--- What is expected ---
All entries are to be repeated exactly as shown below.
(Records provided Opens)
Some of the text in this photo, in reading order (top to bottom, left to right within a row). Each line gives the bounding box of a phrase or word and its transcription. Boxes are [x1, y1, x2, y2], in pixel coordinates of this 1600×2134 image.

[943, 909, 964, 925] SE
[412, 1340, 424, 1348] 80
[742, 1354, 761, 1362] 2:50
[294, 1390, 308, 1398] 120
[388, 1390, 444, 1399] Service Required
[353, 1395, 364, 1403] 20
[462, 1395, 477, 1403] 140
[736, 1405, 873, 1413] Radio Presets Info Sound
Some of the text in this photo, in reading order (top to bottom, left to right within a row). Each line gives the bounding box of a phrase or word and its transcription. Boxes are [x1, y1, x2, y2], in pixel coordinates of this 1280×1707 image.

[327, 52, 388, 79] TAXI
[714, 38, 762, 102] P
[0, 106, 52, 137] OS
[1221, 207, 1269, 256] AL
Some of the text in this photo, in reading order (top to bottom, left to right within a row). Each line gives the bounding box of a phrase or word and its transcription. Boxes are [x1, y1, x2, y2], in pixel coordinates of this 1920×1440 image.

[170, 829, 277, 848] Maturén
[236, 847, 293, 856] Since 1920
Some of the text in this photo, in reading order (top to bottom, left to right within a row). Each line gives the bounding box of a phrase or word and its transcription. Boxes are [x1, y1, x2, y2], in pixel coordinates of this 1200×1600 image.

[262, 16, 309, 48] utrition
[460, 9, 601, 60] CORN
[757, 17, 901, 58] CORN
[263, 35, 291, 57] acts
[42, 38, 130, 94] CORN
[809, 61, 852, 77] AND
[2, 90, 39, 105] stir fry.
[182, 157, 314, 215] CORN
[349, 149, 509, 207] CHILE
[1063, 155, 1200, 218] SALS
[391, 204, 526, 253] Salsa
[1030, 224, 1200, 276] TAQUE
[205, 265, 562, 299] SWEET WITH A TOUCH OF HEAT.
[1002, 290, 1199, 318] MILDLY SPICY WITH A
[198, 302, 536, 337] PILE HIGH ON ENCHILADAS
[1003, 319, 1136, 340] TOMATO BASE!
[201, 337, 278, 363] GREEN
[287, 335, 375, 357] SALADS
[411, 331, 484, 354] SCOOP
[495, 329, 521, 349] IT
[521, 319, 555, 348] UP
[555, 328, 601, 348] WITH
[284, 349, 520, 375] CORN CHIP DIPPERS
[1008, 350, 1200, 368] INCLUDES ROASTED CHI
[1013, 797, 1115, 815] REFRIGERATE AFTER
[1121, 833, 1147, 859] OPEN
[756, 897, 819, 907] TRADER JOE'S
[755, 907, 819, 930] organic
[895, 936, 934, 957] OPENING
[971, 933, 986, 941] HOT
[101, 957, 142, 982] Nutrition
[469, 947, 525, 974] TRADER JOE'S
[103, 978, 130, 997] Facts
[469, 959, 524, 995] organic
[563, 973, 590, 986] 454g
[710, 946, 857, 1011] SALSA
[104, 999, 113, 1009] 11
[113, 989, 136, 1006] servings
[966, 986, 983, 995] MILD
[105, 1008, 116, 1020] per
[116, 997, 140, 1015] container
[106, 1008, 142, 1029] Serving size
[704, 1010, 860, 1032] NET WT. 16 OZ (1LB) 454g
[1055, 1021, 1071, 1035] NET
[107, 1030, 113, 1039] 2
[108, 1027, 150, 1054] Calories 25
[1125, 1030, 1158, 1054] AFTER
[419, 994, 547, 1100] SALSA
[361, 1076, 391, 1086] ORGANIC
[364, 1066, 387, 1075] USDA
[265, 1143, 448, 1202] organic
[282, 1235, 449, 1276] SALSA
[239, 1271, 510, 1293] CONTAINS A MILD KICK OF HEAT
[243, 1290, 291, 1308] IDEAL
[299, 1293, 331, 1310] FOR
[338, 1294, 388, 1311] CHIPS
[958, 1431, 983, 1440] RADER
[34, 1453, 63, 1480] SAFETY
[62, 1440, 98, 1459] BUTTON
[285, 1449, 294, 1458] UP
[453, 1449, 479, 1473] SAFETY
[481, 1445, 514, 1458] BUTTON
(Records provided Closes)
--- Exercise result ---
Some of the text in this photo, in reading order (top to bottom, left to right within a row). Each line gives the bounding box of a phrase or word and its transcription. Boxes are [x1, y1, x2, y2], in pixel coordinates of this 1600×2134 image.

[943, 909, 964, 925] SE
[412, 1340, 424, 1348] 80
[742, 1354, 761, 1362] 2:50
[294, 1390, 308, 1398] 120
[388, 1390, 444, 1399] Service Required
[353, 1395, 364, 1403] 20
[462, 1395, 477, 1403] 140
[736, 1405, 873, 1413] Radio Presets Info Sound
Some of the text in this photo, in reading order (top to bottom, left to right within a row). Each line gives the bounding box of a phrase or word and its transcription. Boxes are [x1, y1, x2, y2], in pixel coordinates of this 1280×1707 image.

[327, 52, 388, 79] TAXI
[714, 38, 762, 102] P
[0, 106, 52, 137] OS
[1221, 207, 1269, 256] AL
Some of the text in this photo, in reading order (top to bottom, left to right within a row). Each line gives the bounding box of a phrase or word and its transcription. Boxes are [x1, y1, x2, y2], in pixel coordinates of this 1920×1440 image.

[170, 829, 277, 848] Maturén
[236, 847, 293, 856] Since 1920
Some of the text in this photo, in reading order (top to bottom, left to right within a row). Each line gives the bounding box of a phrase or word and its transcription. Boxes are [x1, y1, x2, y2], in pixel coordinates of this 1200×1600 image.

[262, 16, 309, 48] utrition
[460, 9, 601, 60] CORN
[757, 17, 901, 58] CORN
[263, 35, 291, 57] acts
[42, 38, 130, 94] CORN
[809, 61, 852, 77] AND
[2, 90, 39, 105] stir fry.
[182, 157, 314, 215] CORN
[349, 149, 509, 207] CHILE
[1063, 155, 1200, 218] SALS
[391, 204, 526, 253] Salsa
[1030, 224, 1200, 276] TAQUE
[205, 265, 562, 299] SWEET WITH A TOUCH OF HEAT.
[1002, 290, 1199, 318] MILDLY SPICY WITH A
[198, 302, 536, 337] PILE HIGH ON ENCHILADAS
[1003, 319, 1136, 340] TOMATO BASE!
[201, 337, 278, 363] GREEN
[287, 335, 375, 357] SALADS
[411, 331, 484, 354] SCOOP
[495, 329, 521, 349] IT
[521, 319, 555, 348] UP
[555, 328, 601, 348] WITH
[284, 349, 520, 375] CORN CHIP DIPPERS
[1008, 350, 1200, 368] INCLUDES ROASTED CHI
[1013, 797, 1115, 815] REFRIGERATE AFTER
[1121, 833, 1147, 859] OPEN
[756, 897, 819, 907] TRADER JOE'S
[755, 907, 819, 930] organic
[895, 936, 934, 957] OPENING
[971, 933, 986, 941] HOT
[101, 957, 142, 982] Nutrition
[469, 947, 525, 974] TRADER JOE'S
[103, 978, 130, 997] Facts
[469, 959, 524, 995] organic
[563, 973, 590, 986] 454g
[710, 946, 857, 1011] SALSA
[104, 999, 113, 1009] 11
[113, 989, 136, 1006] servings
[966, 986, 983, 995] MILD
[105, 1008, 116, 1020] per
[116, 997, 140, 1015] container
[106, 1008, 142, 1029] Serving size
[704, 1010, 860, 1032] NET WT. 16 OZ (1LB) 454g
[1055, 1021, 1071, 1035] NET
[107, 1030, 113, 1039] 2
[108, 1027, 150, 1054] Calories 25
[1125, 1030, 1158, 1054] AFTER
[419, 994, 547, 1100] SALSA
[361, 1076, 391, 1086] ORGANIC
[364, 1066, 387, 1075] USDA
[265, 1143, 448, 1202] organic
[282, 1235, 449, 1276] SALSA
[239, 1271, 510, 1293] CONTAINS A MILD KICK OF HEAT
[243, 1290, 291, 1308] IDEAL
[299, 1293, 331, 1310] FOR
[338, 1294, 388, 1311] CHIPS
[958, 1431, 983, 1440] RADER
[34, 1453, 63, 1480] SAFETY
[62, 1440, 98, 1459] BUTTON
[285, 1449, 294, 1458] UP
[453, 1449, 479, 1473] SAFETY
[481, 1445, 514, 1458] BUTTON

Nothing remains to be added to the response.